Israeli-American journalist

Gershom Gorenberg (גרשום גורנברג) is an American-born Israeli journalist and historian specializing in Middle Eastern politics and the interaction of religion and politics. He is currently a senior correspondent for The American Prospect, a monthly American political magazine. Gorenberg self-identifies as "a left-wing, skeptical Orthodox Zionist Jew".

==Early life and education==
Gorenberg was born in St. Louis, and grew up in California. In 1977, he traveled to Israel to study, and ultimately decided to immigrate to the country, becoming an American-Israeli dual citizen.

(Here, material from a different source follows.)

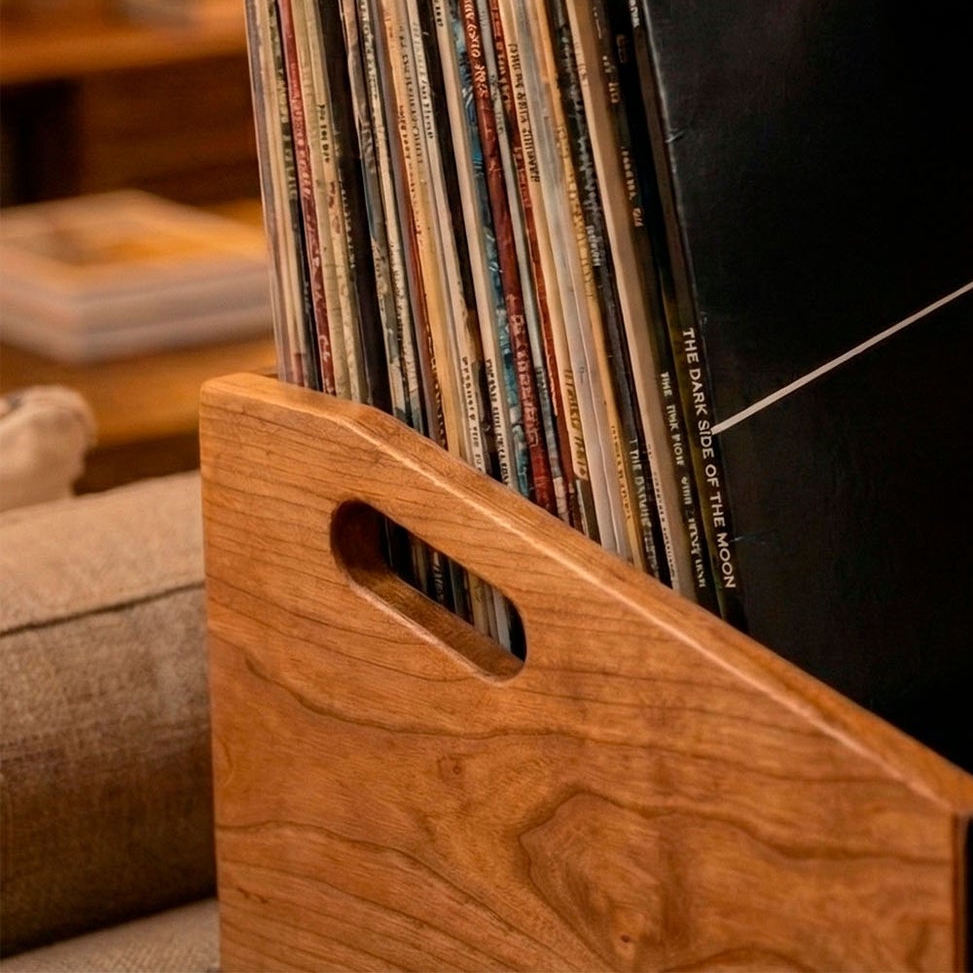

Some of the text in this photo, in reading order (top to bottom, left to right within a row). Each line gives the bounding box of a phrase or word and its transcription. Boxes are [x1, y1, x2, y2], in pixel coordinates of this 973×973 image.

Gorenberg graduated from the University of California, Santa Cruz, and earned his MA in education from the Hebrew University of Jerusalem. He lives in Jerusalem, with his wife, journalist Myra Noveck, and three children.

==Career==
For many years, Gorenberg served as an associate editor of The Jerusalem Report, an Israeli bi-weekly news magazine. In 1996, he edited a selected collection of Jerusalem Report essays published under the title "Seventy Facets: A Commentary on the Torah from the Pages of The Jerusalem Report." He contributed to the magazine's biography of Yitzhak Rabin, Shalom, Friend: The Life and Legacy of Yitzhak Rabin, which won the National Jewish Book Award for non-fiction. Gorenberg is now a senior correspondent forThe American Prospect.

As an author, Gorenberg is best known for The Accidental Empire: Israel and the Birth of the Settlements, 1967–1977 (2006), a study of the origins of Israeli settlements in the Israeli-occupied territories following the 1967 Six-Day War. The End of Days: Fundamentalism and the Struggle for the Temple Mount was published in 2000. In The Unmaking of Israel (2011), Gorenberg decries the settler movement and argues that government support for the Haredi undermines Israeli democracy.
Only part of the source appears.